■ What is required
Reproduce the data that follows in its entirety, character for character.

:: Material shown ::

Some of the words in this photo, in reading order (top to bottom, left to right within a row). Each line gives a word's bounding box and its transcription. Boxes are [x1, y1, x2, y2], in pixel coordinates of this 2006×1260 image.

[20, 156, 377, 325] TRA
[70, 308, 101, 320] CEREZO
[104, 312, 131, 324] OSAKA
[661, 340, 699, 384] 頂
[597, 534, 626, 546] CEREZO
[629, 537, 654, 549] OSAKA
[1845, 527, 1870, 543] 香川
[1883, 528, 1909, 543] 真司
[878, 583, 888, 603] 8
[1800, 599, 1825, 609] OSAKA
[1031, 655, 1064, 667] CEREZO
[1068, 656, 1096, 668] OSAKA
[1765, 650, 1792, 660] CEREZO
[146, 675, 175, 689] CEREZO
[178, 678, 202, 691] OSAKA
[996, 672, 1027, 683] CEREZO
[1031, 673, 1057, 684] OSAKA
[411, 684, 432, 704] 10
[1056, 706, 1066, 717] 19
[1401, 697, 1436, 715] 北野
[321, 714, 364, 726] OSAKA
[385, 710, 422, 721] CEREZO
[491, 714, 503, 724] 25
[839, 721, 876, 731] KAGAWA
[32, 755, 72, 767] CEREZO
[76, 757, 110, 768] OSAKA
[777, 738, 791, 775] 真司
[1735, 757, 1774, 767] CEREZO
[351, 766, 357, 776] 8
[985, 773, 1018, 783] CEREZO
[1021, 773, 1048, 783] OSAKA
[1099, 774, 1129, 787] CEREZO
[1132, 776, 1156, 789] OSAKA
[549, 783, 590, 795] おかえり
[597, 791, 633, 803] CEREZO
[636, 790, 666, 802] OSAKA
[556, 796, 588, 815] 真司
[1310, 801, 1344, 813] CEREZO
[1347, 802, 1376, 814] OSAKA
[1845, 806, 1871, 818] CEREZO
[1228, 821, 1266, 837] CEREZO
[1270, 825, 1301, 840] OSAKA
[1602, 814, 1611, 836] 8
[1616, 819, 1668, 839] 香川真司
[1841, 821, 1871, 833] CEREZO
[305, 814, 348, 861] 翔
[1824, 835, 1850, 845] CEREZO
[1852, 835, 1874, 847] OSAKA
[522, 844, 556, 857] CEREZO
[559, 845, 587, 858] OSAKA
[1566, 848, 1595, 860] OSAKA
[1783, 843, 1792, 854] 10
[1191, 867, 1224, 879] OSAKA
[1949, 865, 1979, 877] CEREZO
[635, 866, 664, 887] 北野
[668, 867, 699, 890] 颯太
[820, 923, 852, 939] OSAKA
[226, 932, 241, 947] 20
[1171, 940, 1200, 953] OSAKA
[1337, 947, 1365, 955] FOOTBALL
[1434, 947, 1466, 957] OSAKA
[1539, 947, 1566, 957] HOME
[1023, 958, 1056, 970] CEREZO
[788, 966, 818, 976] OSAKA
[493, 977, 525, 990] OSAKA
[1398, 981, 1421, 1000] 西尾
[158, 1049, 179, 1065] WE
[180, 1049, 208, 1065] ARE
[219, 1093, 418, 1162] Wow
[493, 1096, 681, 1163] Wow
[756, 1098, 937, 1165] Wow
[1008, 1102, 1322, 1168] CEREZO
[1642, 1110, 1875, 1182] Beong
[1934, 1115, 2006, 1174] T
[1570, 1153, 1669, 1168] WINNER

:::

■ Response area
Some of the words in this photo, in reading order (top to bottom, left to right within a row). Each line gives a word's bounding box and its transcription. Boxes are [x1, y1, x2, y2], in pixel coordinates of this 2006×1260 image.

[20, 156, 377, 325] TRA
[70, 308, 101, 320] CEREZO
[104, 312, 131, 324] OSAKA
[661, 340, 699, 384] 頂
[597, 534, 626, 546] CEREZO
[629, 537, 654, 549] OSAKA
[1845, 527, 1870, 543] 香川
[1883, 528, 1909, 543] 真司
[878, 583, 888, 603] 8
[1800, 599, 1825, 609] OSAKA
[1031, 655, 1064, 667] CEREZO
[1068, 656, 1096, 668] OSAKA
[1765, 650, 1792, 660] CEREZO
[146, 675, 175, 689] CEREZO
[178, 678, 202, 691] OSAKA
[996, 672, 1027, 683] CEREZO
[1031, 673, 1057, 684] OSAKA
[411, 684, 432, 704] 10
[1056, 706, 1066, 717] 19
[1401, 697, 1436, 715] 北野
[321, 714, 364, 726] OSAKA
[385, 710, 422, 721] CEREZO
[491, 714, 503, 724] 25
[839, 721, 876, 731] KAGAWA
[32, 755, 72, 767] CEREZO
[76, 757, 110, 768] OSAKA
[777, 738, 791, 775] 真司
[1735, 757, 1774, 767] CEREZO
[351, 766, 357, 776] 8
[985, 773, 1018, 783] CEREZO
[1021, 773, 1048, 783] OSAKA
[1099, 774, 1129, 787] CEREZO
[1132, 776, 1156, 789] OSAKA
[549, 783, 590, 795] おかえり
[597, 791, 633, 803] CEREZO
[636, 790, 666, 802] OSAKA
[556, 796, 588, 815] 真司
[1310, 801, 1344, 813] CEREZO
[1347, 802, 1376, 814] OSAKA
[1845, 806, 1871, 818] CEREZO
[1228, 821, 1266, 837] CEREZO
[1270, 825, 1301, 840] OSAKA
[1602, 814, 1611, 836] 8
[1616, 819, 1668, 839] 香川真司
[1841, 821, 1871, 833] CEREZO
[305, 814, 348, 861] 翔
[1824, 835, 1850, 845] CEREZO
[1852, 835, 1874, 847] OSAKA
[522, 844, 556, 857] CEREZO
[559, 845, 587, 858] OSAKA
[1566, 848, 1595, 860] OSAKA
[1783, 843, 1792, 854] 10
[1191, 867, 1224, 879] OSAKA
[1949, 865, 1979, 877] CEREZO
[635, 866, 664, 887] 北野
[668, 867, 699, 890] 颯太
[820, 923, 852, 939] OSAKA
[226, 932, 241, 947] 20
[1171, 940, 1200, 953] OSAKA
[1337, 947, 1365, 955] FOOTBALL
[1434, 947, 1466, 957] OSAKA
[1539, 947, 1566, 957] HOME
[1023, 958, 1056, 970] CEREZO
[788, 966, 818, 976] OSAKA
[493, 977, 525, 990] OSAKA
[1398, 981, 1421, 1000] 西尾
[158, 1049, 179, 1065] WE
[180, 1049, 208, 1065] ARE
[219, 1093, 418, 1162] Wow
[493, 1096, 681, 1163] Wow
[756, 1098, 937, 1165] Wow
[1008, 1102, 1322, 1168] CEREZO
[1642, 1110, 1875, 1182] Beong
[1934, 1115, 2006, 1174] T
[1570, 1153, 1669, 1168] WINNER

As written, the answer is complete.